> Your task
No pictures in the copy, please: retype all the records exactly.
################
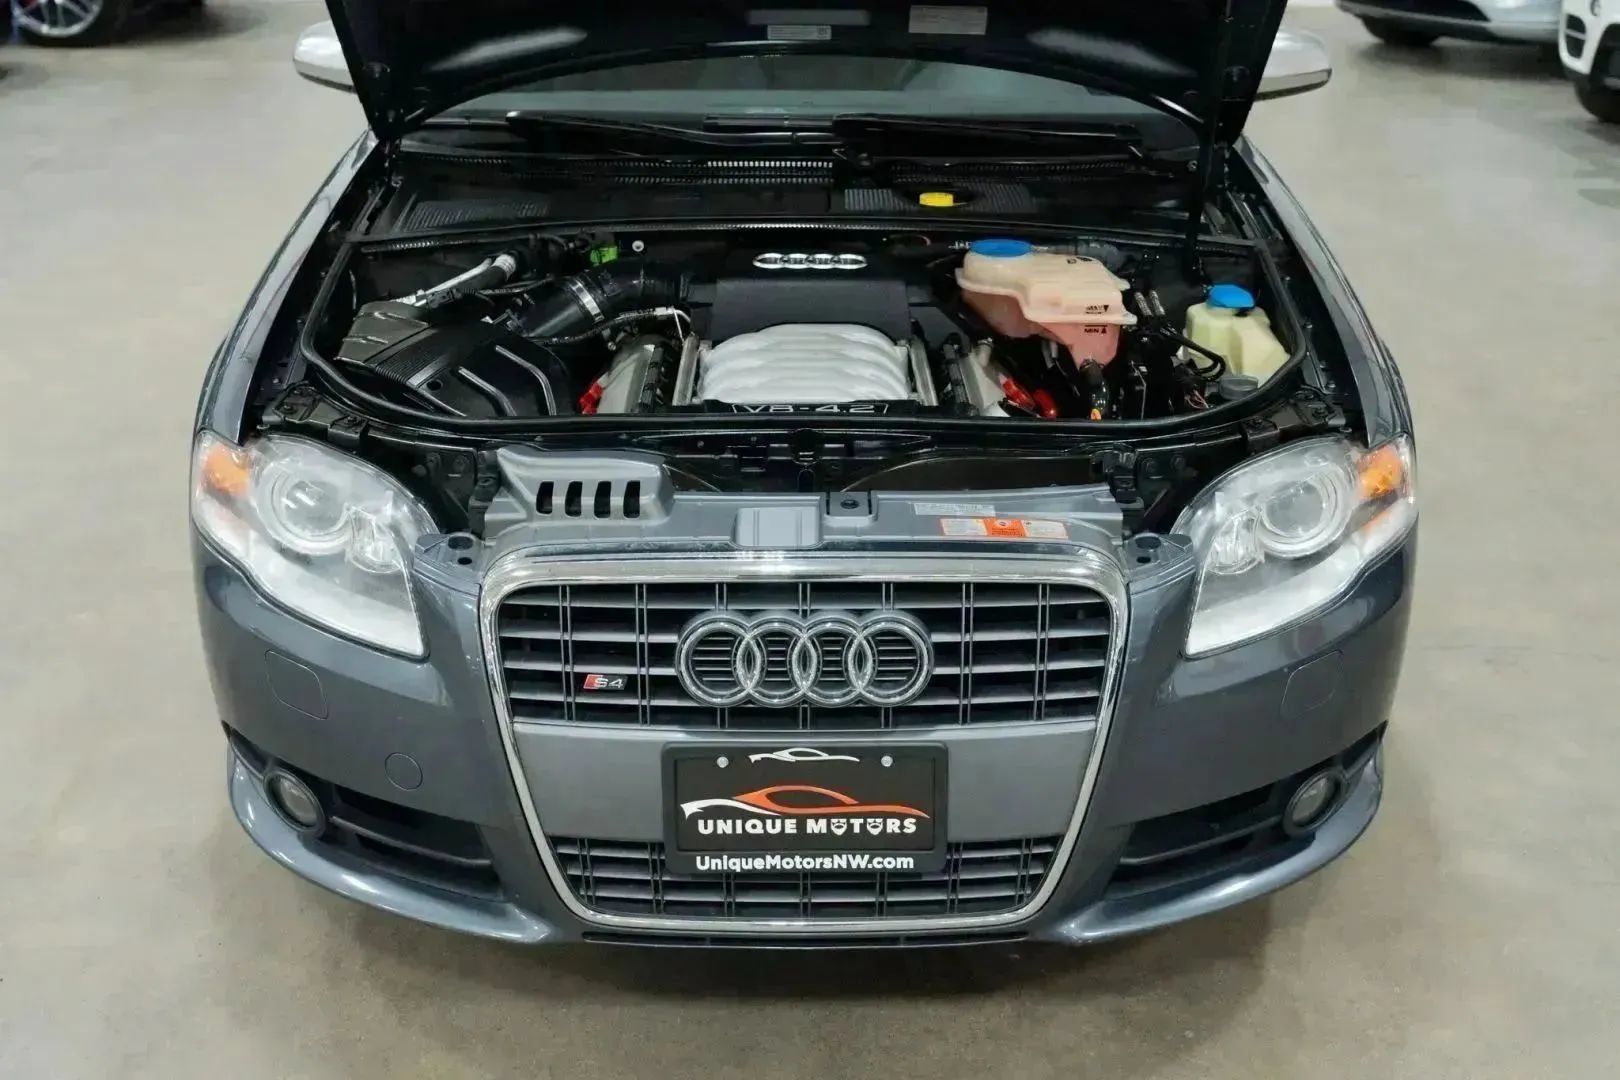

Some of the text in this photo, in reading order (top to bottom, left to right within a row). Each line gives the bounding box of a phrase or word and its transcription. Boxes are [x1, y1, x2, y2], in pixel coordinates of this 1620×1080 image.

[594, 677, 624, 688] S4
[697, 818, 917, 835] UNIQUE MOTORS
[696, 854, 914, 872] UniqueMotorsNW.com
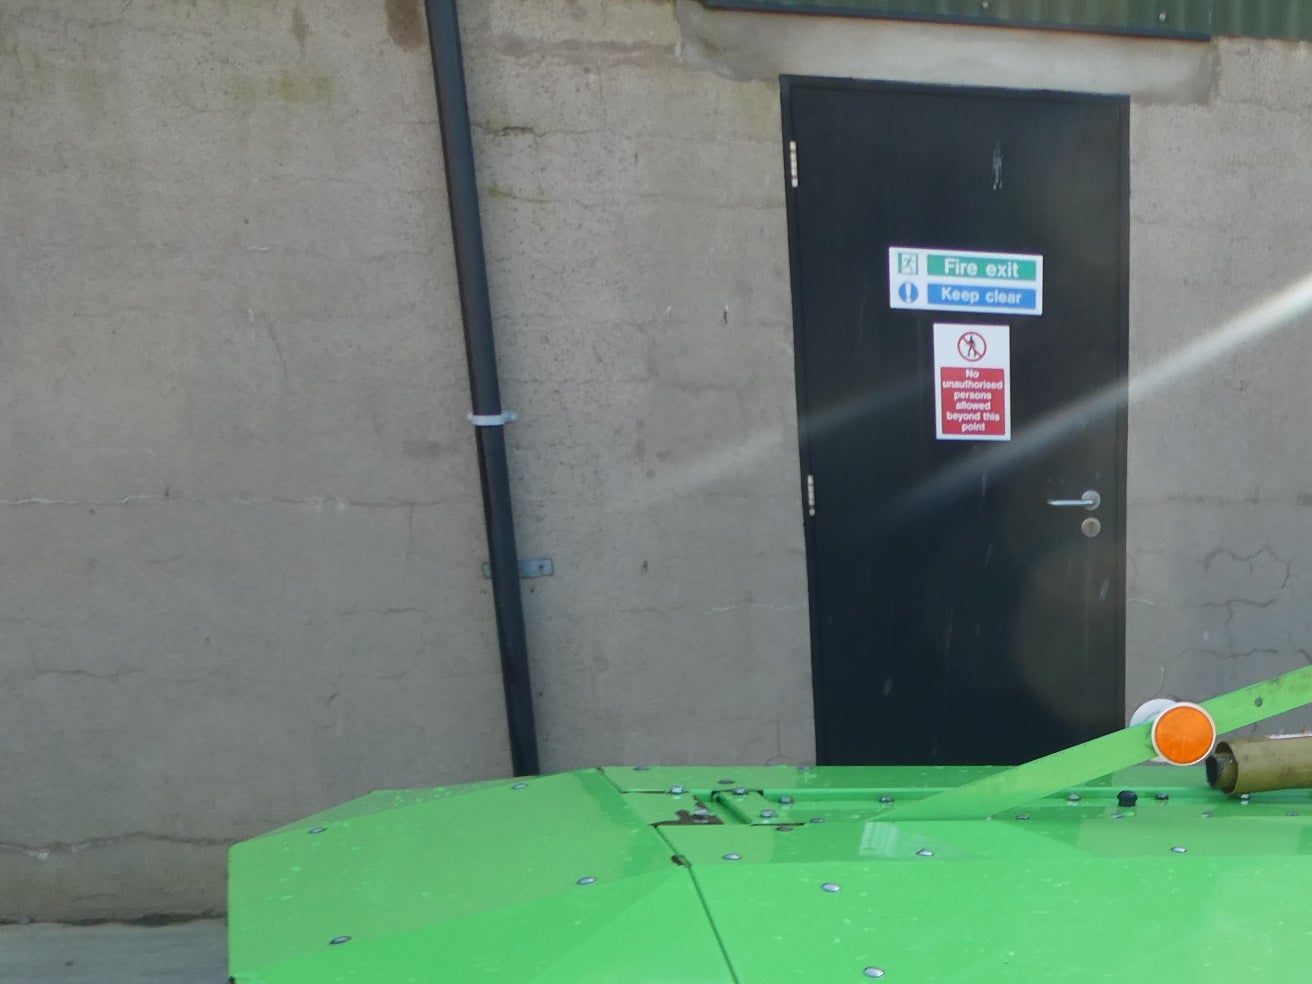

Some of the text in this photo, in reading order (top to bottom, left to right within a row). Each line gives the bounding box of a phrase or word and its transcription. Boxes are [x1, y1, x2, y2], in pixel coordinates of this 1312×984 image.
################
> Answer section
Some of the text in this photo, in reading order (top to bottom, left to right within a row). Each line gives the bounding box of a phrase or word and its transcription. Boxes are [x1, y1, x2, y2], in pixel coordinates of this 1620×1080 image.

[594, 677, 624, 688] S4
[697, 818, 917, 835] UNIQUE MOTORS
[696, 854, 914, 872] UniqueMotorsNW.com

Some of the text in this photo, in reading order (top to bottom, left to right within a row). Each line gives the bounding box of a phrase or word and its transcription. Boxes are [x1, y1, x2, y2], in pixel coordinates of this 1312×984 image.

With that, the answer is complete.